According to the report, when considering the rule Cordray didn’t heed attorneys who advised him to publish a list of institutions the CFPB believed would be subject to the regulation and to re-open the public comment period after it had closed.
Despite the attorneys’ recommendations – and warnings of possible legal implications – Cordray approved the final rule without disclosure or public comment on the data underlying the rulemaking process, according to the Financial Services Committee.
The committee’s report also alleged that under recent Supreme Court precedent, the CFPB’s use of “disparate impact” in enforcement actions against auto financers wouldn’t survive a judicial review.
“Fuzzy logic and false comparisons are unfortunately prevalent in the CFPB’s auto-lending actions,” the report said. “In every aspect of the CFPB’s auto-lending actions, the CFPB’s lack of rigor leads to unsupported and unreliable conclusions.”
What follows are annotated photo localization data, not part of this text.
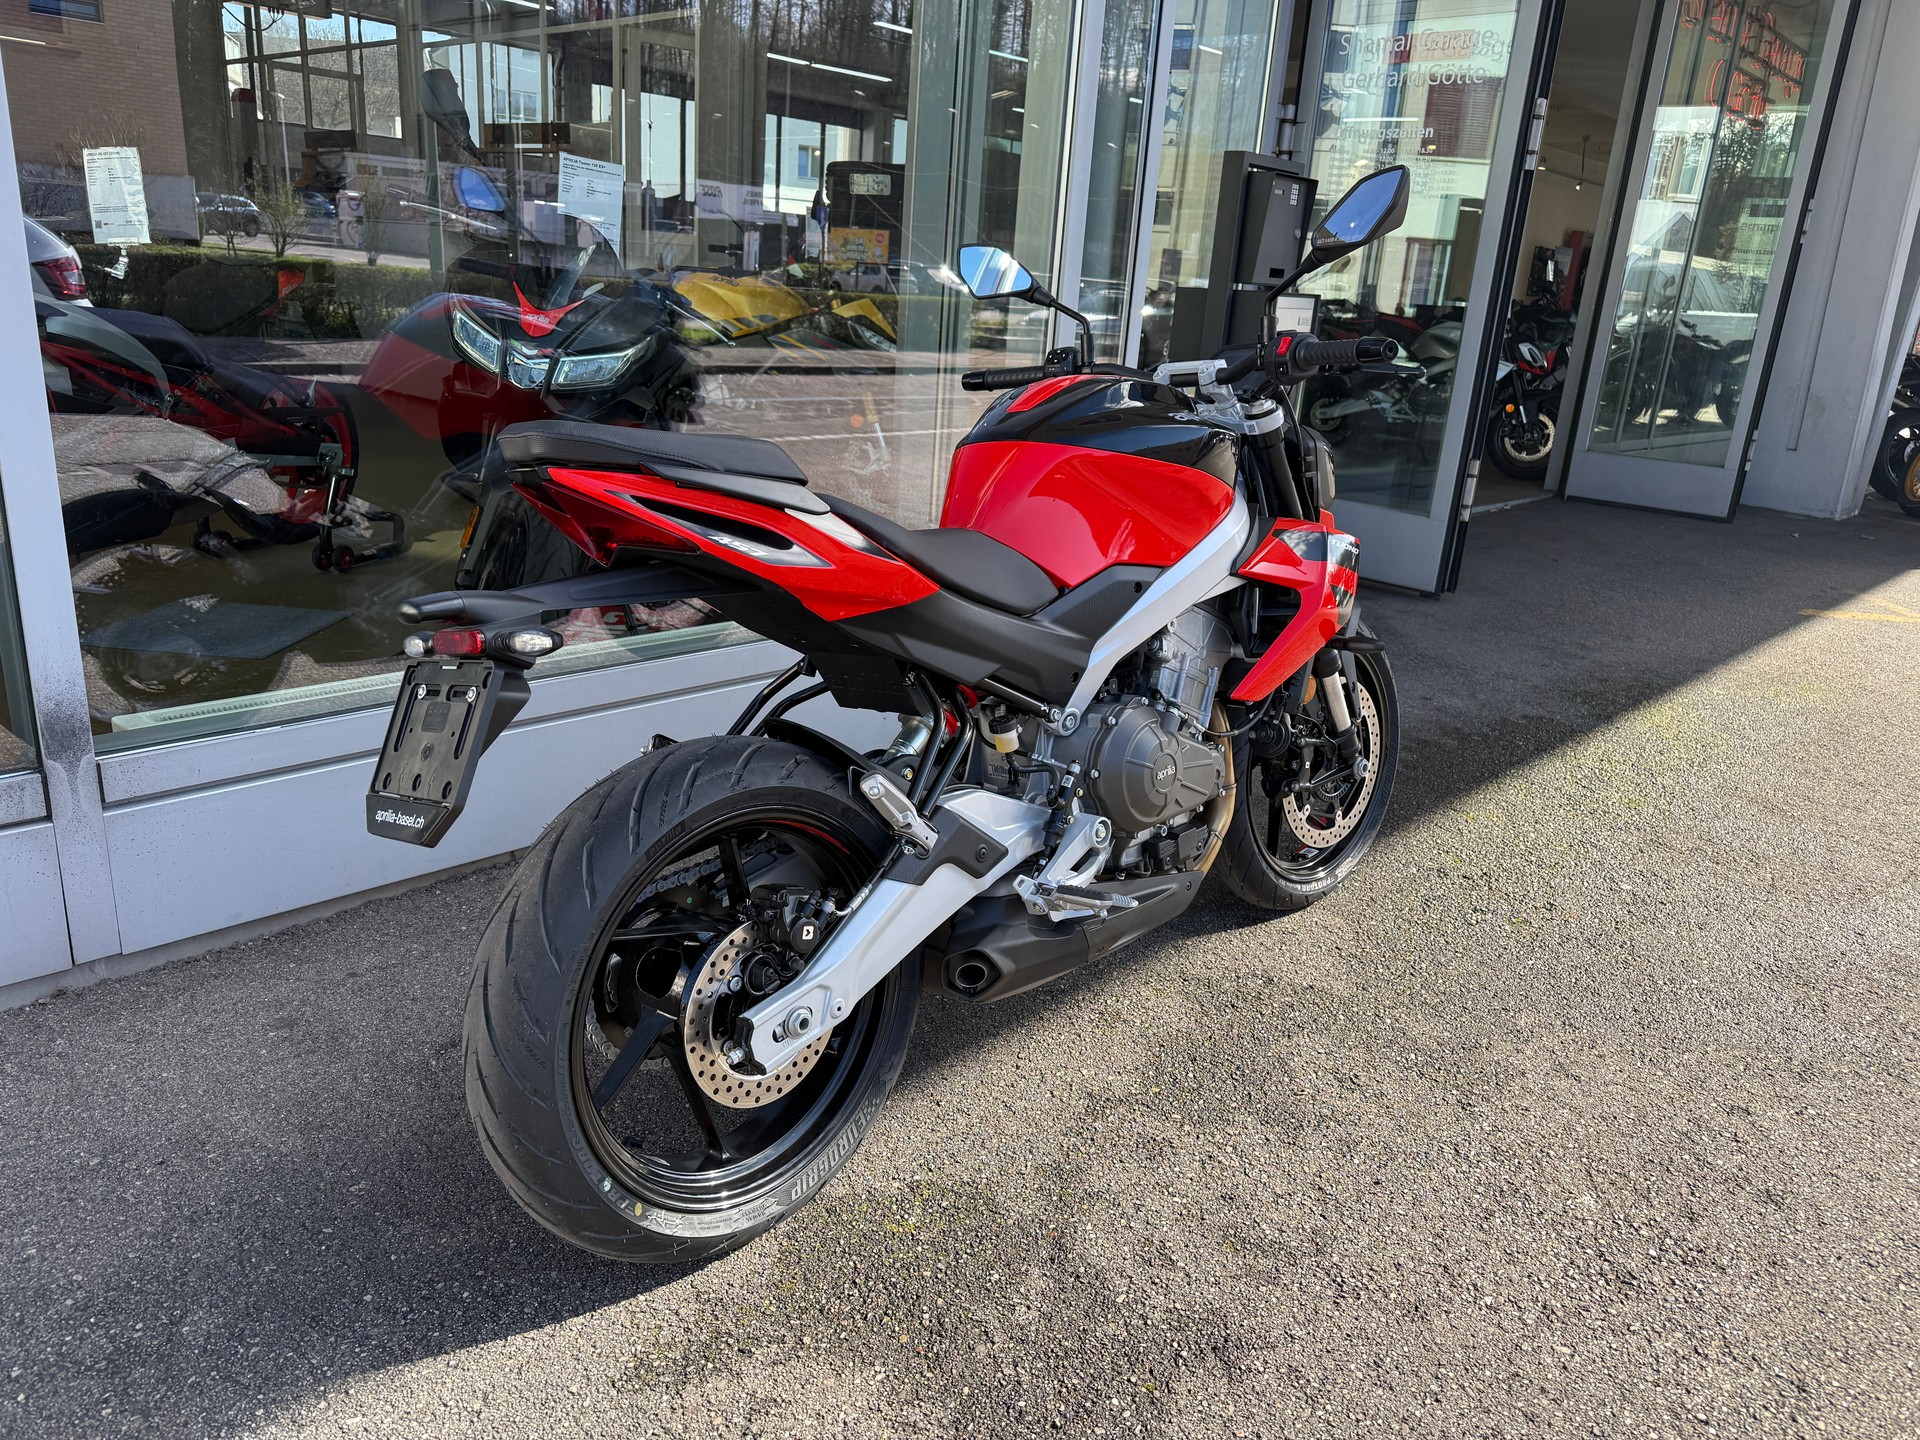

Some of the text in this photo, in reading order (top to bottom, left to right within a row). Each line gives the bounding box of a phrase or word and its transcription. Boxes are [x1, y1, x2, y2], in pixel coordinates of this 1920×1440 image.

[1420, 28, 1494, 50] Garage
[1342, 63, 1485, 89] Gerhard Götte
[526, 313, 550, 324] aprilia
[707, 535, 769, 556] 457
[1331, 538, 1360, 555] TUONO
[1156, 764, 1176, 781] aprilia
[375, 808, 425, 829] aprilia-basel.ch
[791, 1109, 867, 1202] EUROGRIP
Once again we see the CFPB is a dangerously out-of-control, unconstitutional and unaccountable bureaucracy,” said committee Chairman Jeb Hensarling (R-Texas). “It is a case study in the overreach and pathologies of the regulatory state run amok. The Bureau routinely abuses and exceeds its authority, robs consumers of their economic freedoms, increases consumer costs and often attempts to hide information from the public.”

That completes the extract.